Wednesday, May 2, 2012
I've had quite a day.
I love the people I work with. They're all under an incredible amount of stress lately. With an impending strike combined with the end of the school year crunch, coupled with an additional lay-off of more Education Assistants, some of us are ready to pop.
Even the students are on edge. 6th graders getting ready to enter 7th grade and all of it's angsti-ness. 7th graders vying for social standing before they hit the 8th grade hall. High School and all of it's mystery looming in our 8th graders' future is putting some serious pressure on these kids. There are other things as well. I love our kids. Not many people can handle the 11-14 year old set but they're pretty special. Some of them tell stories of their lives that would spin your head. I'm blown away by their seeming resiliency but I recognize their pain. It comes in so many forms. Over-anxious, over-talkative, overtly defiant, over-ambitious, under-ambitious, solemn, cranky, manic, bold, loud, quiet. Every single one of them displays their qualm differently. Every day a roller-coaster ride.

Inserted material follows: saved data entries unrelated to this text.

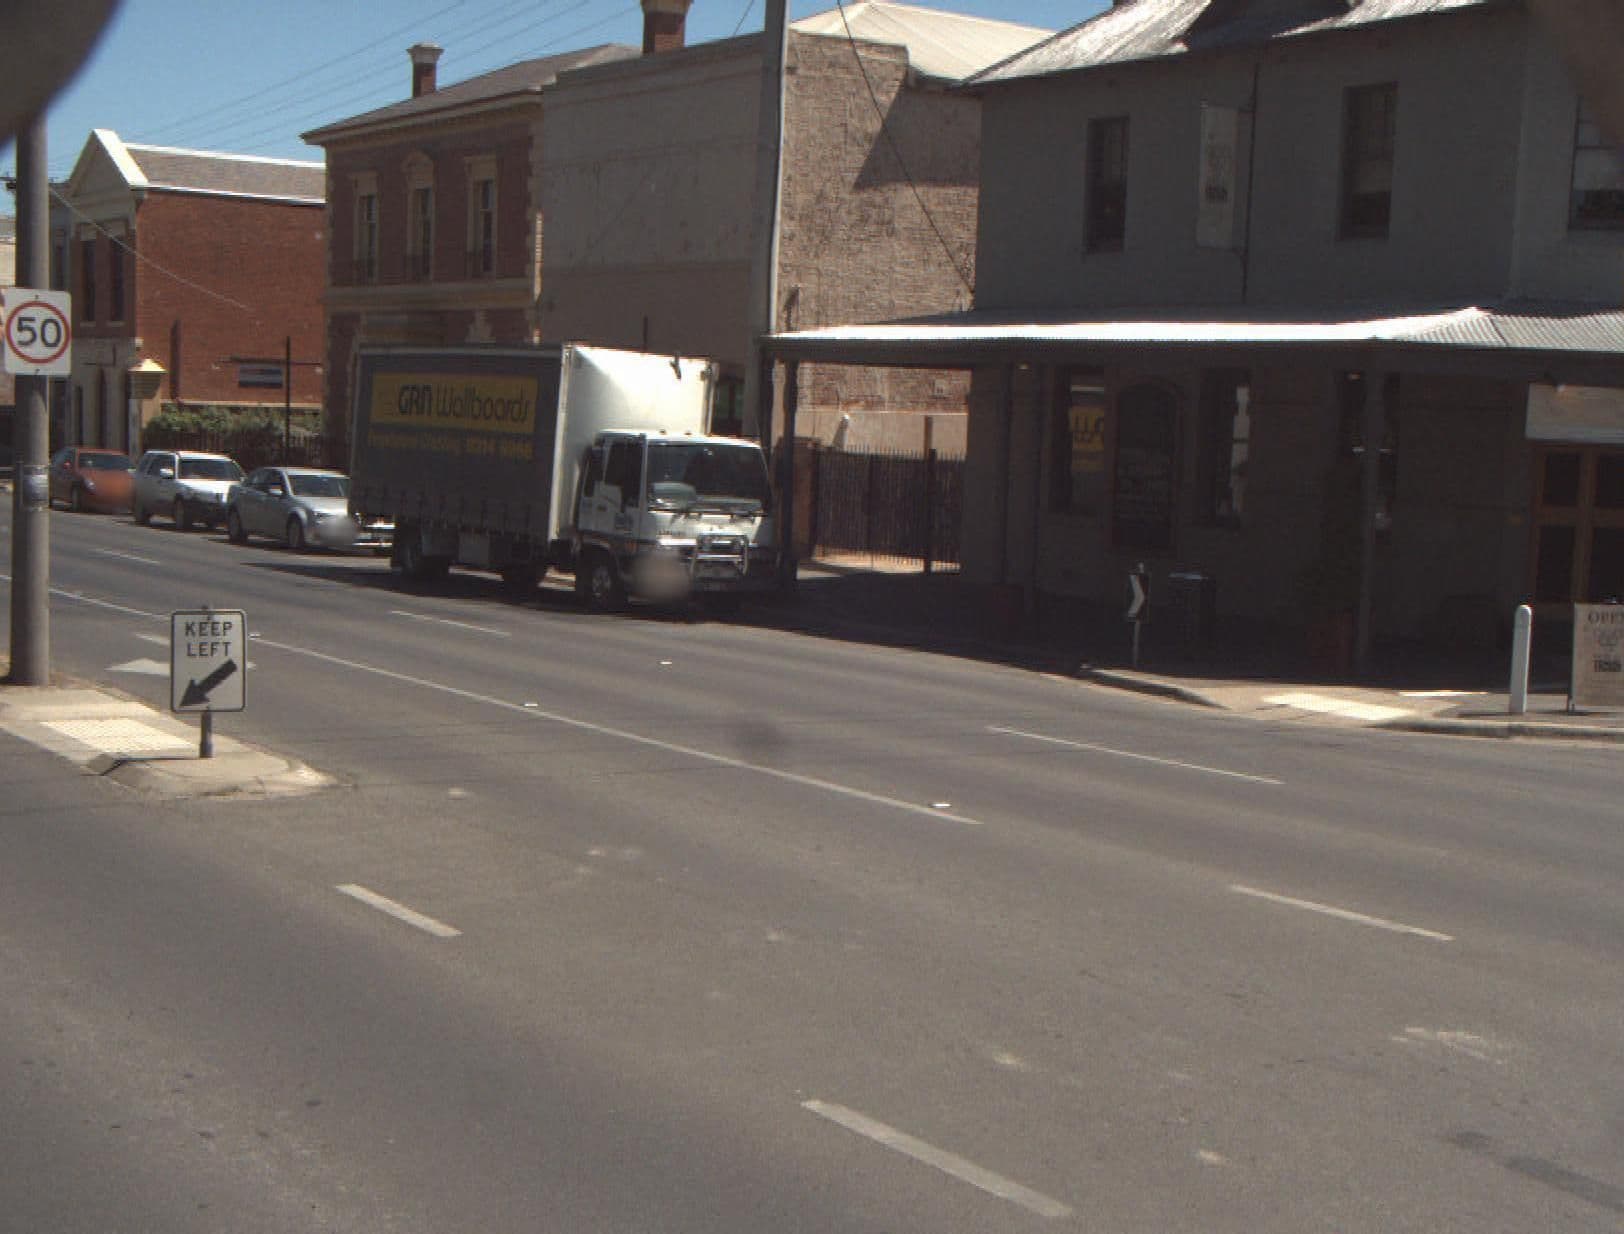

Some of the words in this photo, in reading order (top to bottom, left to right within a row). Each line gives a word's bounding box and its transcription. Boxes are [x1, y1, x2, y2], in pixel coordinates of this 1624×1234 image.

[17, 317, 60, 348] 50
[436, 384, 530, 423] Wallboards
[184, 621, 233, 637] KEEP
[188, 641, 231, 657] LEFT
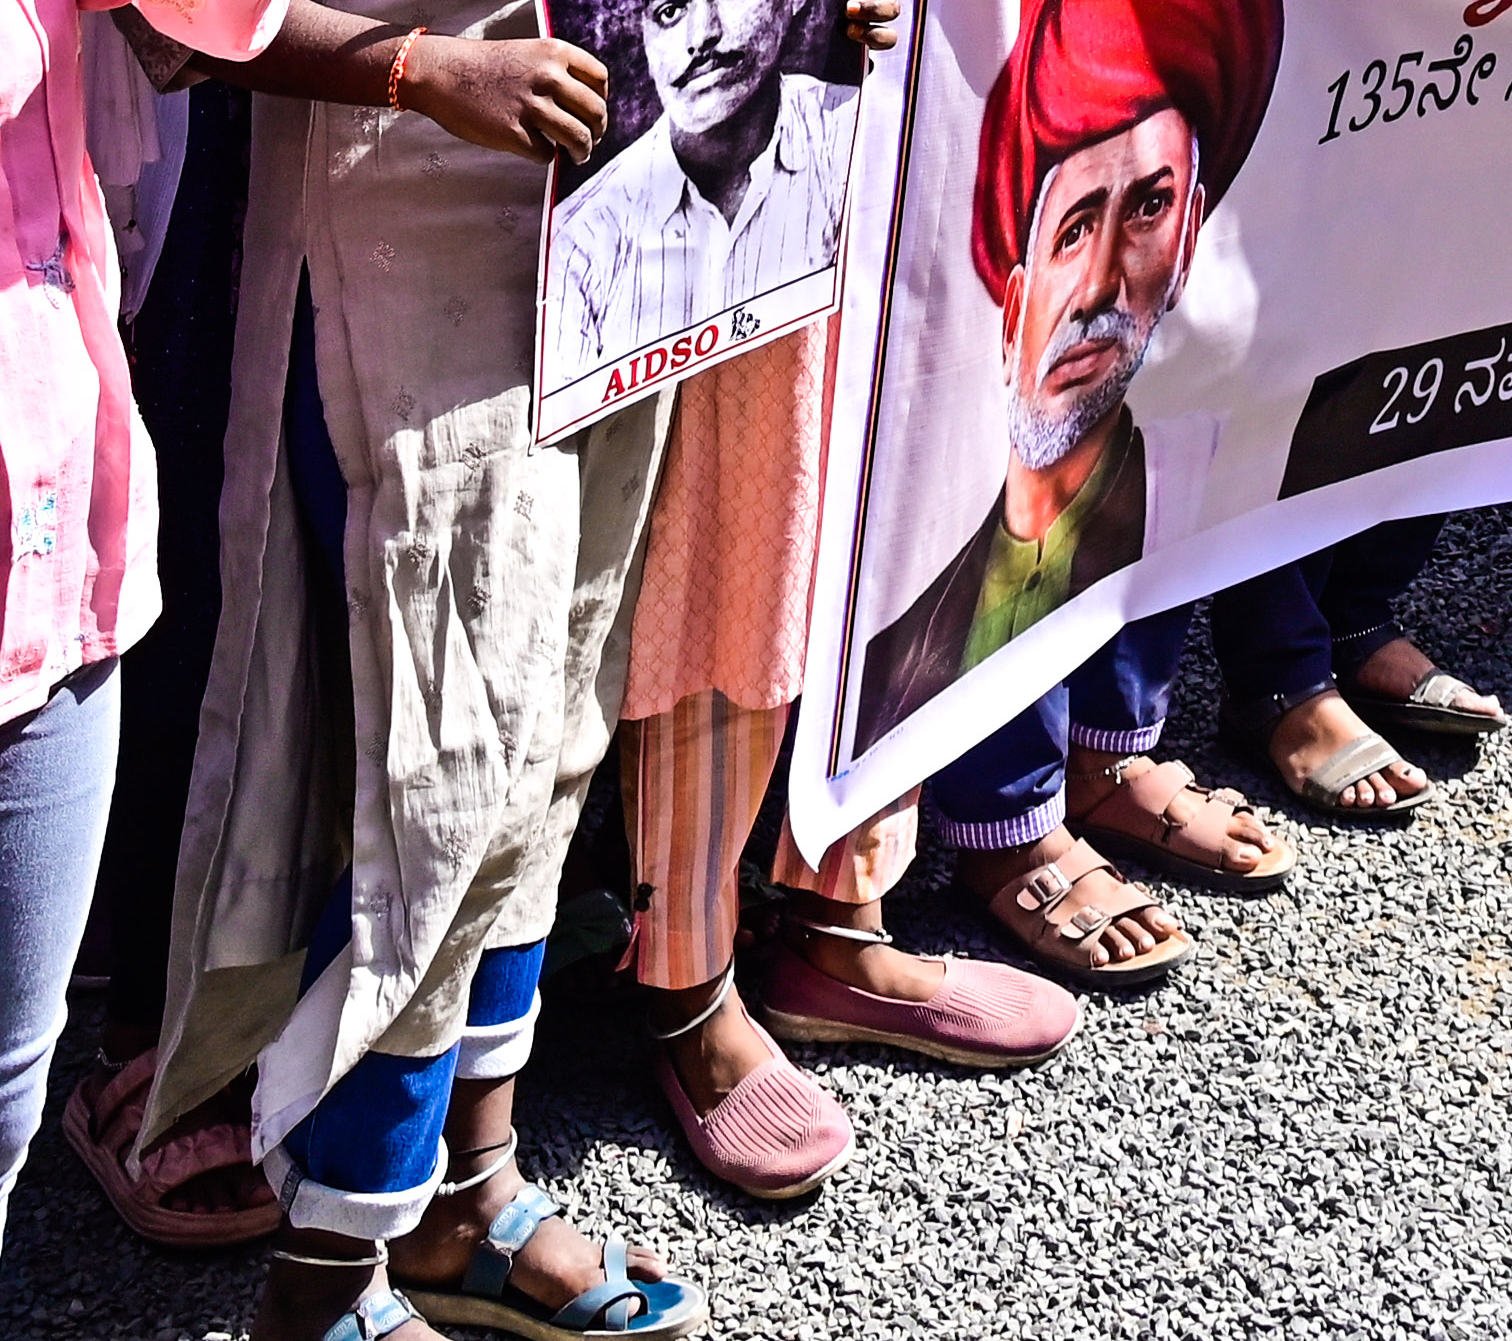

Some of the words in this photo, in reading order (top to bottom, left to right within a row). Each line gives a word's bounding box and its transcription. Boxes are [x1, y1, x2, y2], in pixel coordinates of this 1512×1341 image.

Today was especially bumpy. This time of year brings the dreaded "third round", a desperate attempt to meet AYP and the state standards with a last round of testing reserved especially for the "nearly meeting" set. It is during this third round of testing that the personal celebration of "meeting" is often a loud, happy Whoop!, round of applause and a sigh of relief. Alternately, I find myself having to give more hugs and wipe away more tears after a missed benchmark during this last chance to "pass".
The way I feel today, summer can't get here soon enough. It may be time to step up the mission I started when this blog began. It's time to start looking up, or down, or all around, and focus on what is inspiring and uplifting and funny and rich. Little tiny daily reminders that in spite of this poo poo feeling I have right now, we live a beautiful life and indeed, things are looking up.